━━━━━ DATA SUPPLIED ━━━━━
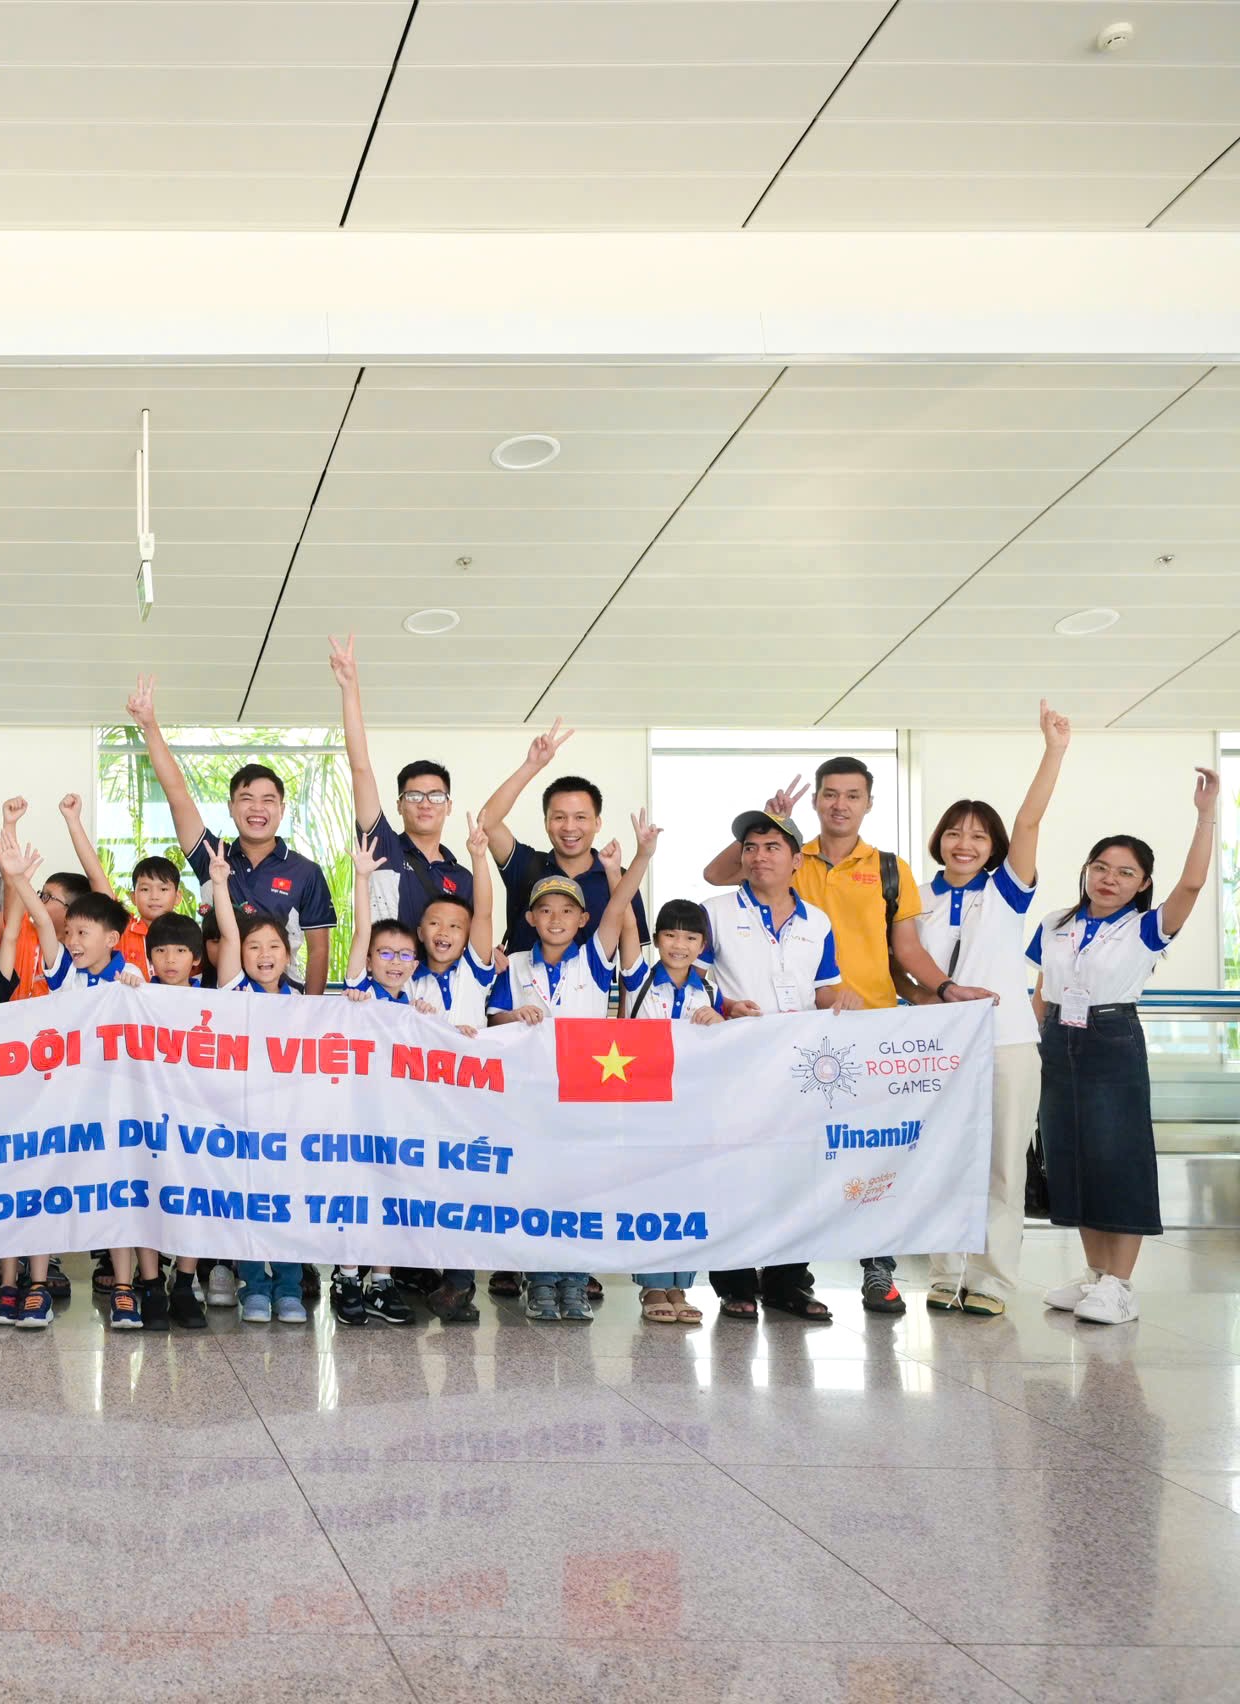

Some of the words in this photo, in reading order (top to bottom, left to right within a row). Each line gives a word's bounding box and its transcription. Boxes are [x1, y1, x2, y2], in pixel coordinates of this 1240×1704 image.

[96, 1009, 250, 1072] TUYỂN
[266, 1032, 376, 1085] VIỆT
[391, 1043, 505, 1093] NAM
[878, 1038, 944, 1054] GLOBAL
[865, 1055, 960, 1076] ROBOTICS
[888, 1078, 942, 1095] GAMES
[118, 1112, 170, 1158] DỰ
[177, 1123, 288, 1161] VÒNG
[300, 1133, 425, 1168] CHUNG
[438, 1135, 514, 1175] KẾT
[825, 1151, 837, 1160] EST
[159, 1185, 292, 1224] GAMES
[304, 1194, 369, 1232] TẠI
[381, 1197, 604, 1241] SINGAPORE
[615, 1210, 709, 1242] 2024
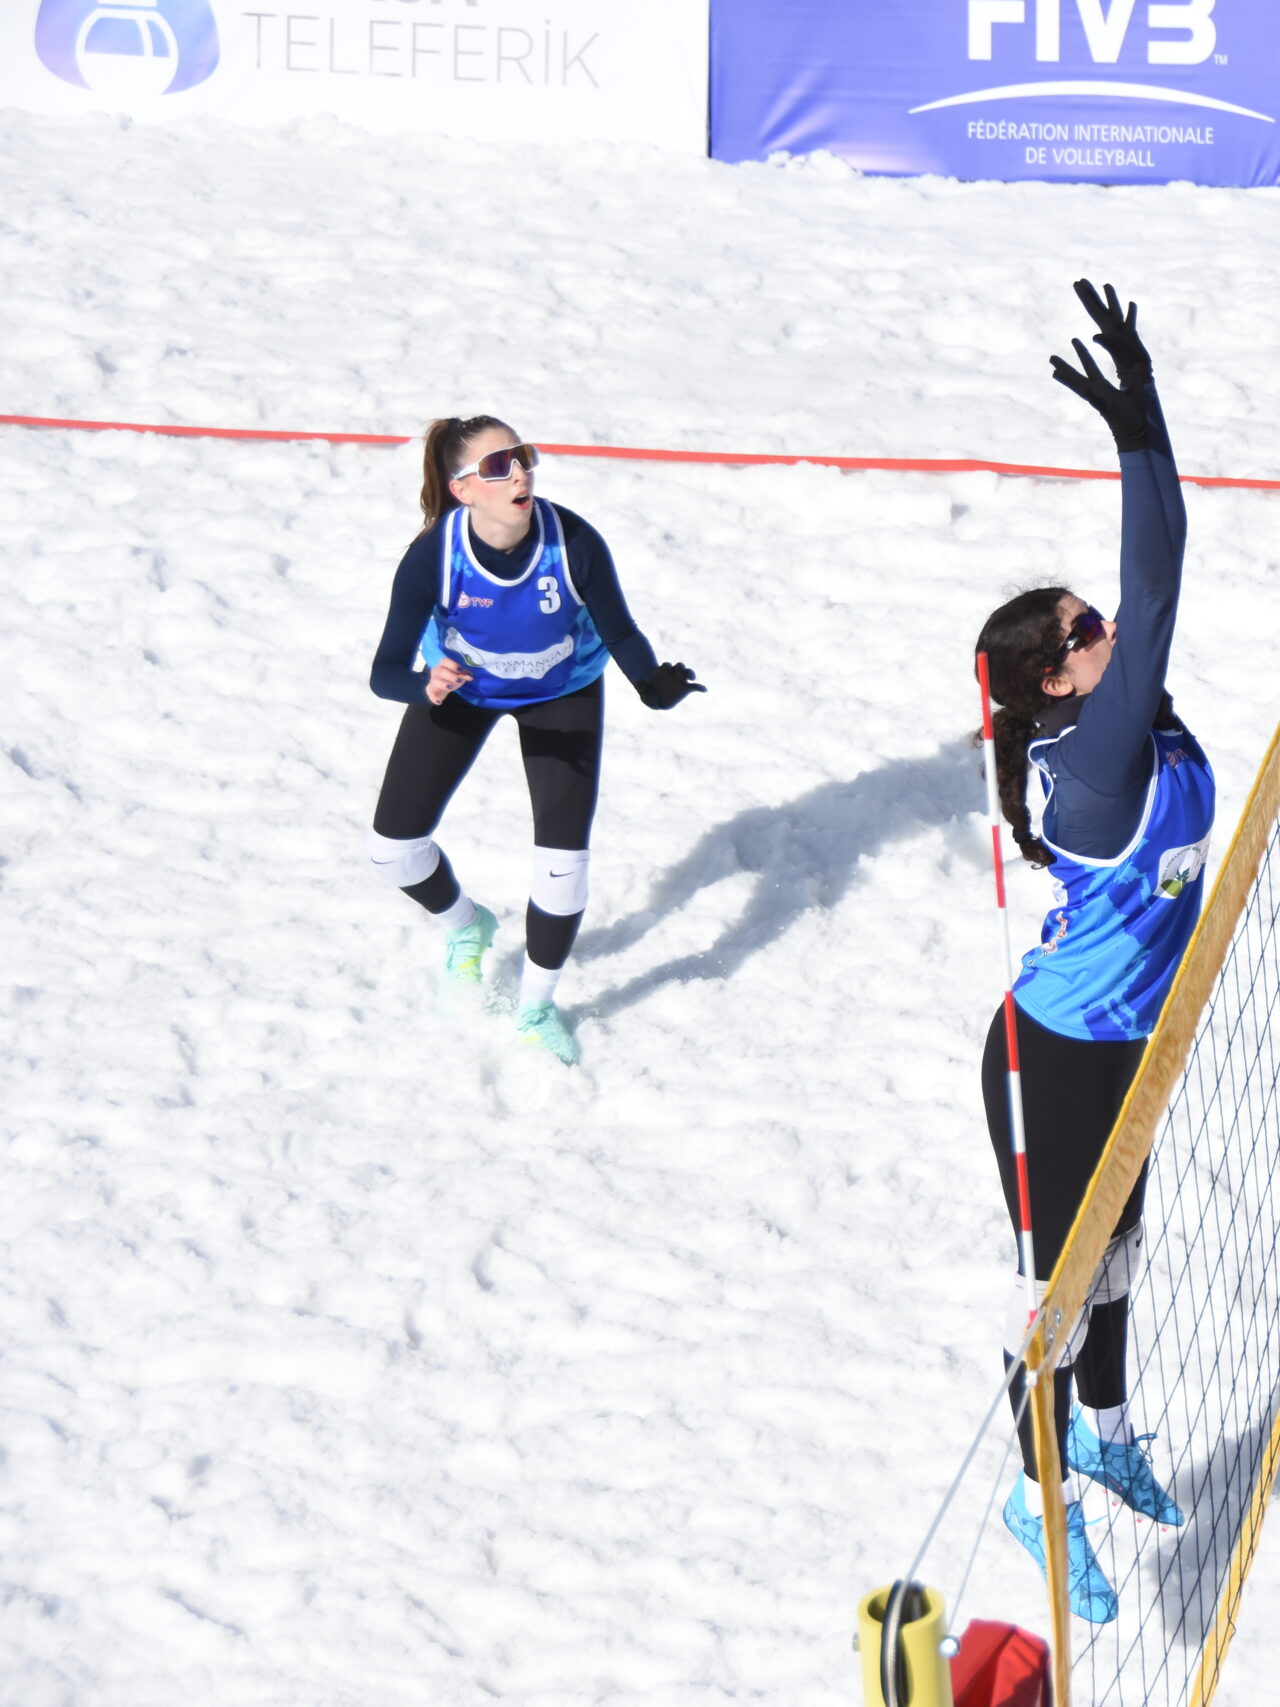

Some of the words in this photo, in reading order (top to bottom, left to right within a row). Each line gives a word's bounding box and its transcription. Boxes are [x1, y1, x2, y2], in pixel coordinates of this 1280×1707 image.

[242, 12, 600, 89] TELEFERİK
[968, 0, 1217, 65] FIVB
[967, 119, 1070, 142] FÉDÉRATION
[1073, 124, 1214, 145] INTERNATIONALE
[1025, 146, 1048, 165] DE
[1052, 147, 1156, 168] VOLLEYBALL
[537, 575, 562, 615] 3
━━━━━
| TASK GOAL |
In your copy, exclude the pictures and repeat each entry above exactly.

| SOLUTION TO THIS PROBLEM |
Some of the words in this photo, in reading order (top to bottom, left to right within a row). Each line gives a word's bounding box and its transcription. Boxes are [x1, y1, x2, y2], in pixel coordinates of this 1240×1704 image.

[96, 1009, 250, 1072] TUYỂN
[266, 1032, 376, 1085] VIỆT
[391, 1043, 505, 1093] NAM
[878, 1038, 944, 1054] GLOBAL
[865, 1055, 960, 1076] ROBOTICS
[888, 1078, 942, 1095] GAMES
[118, 1112, 170, 1158] DỰ
[177, 1123, 288, 1161] VÒNG
[300, 1133, 425, 1168] CHUNG
[438, 1135, 514, 1175] KẾT
[825, 1151, 837, 1160] EST
[159, 1185, 292, 1224] GAMES
[304, 1194, 369, 1232] TẠI
[381, 1197, 604, 1241] SINGAPORE
[615, 1210, 709, 1242] 2024

Some of the words in this photo, in reading order (top to bottom, left to right within a row). Each line gives a word's bounding box and its transcription. Boxes are [x1, y1, x2, y2], in pixel coordinates of this 1280×1707 image.

[242, 12, 600, 89] TELEFERİK
[968, 0, 1217, 65] FIVB
[967, 119, 1070, 142] FÉDÉRATION
[1073, 124, 1214, 145] INTERNATIONALE
[1025, 146, 1048, 165] DE
[1052, 147, 1156, 168] VOLLEYBALL
[537, 575, 562, 615] 3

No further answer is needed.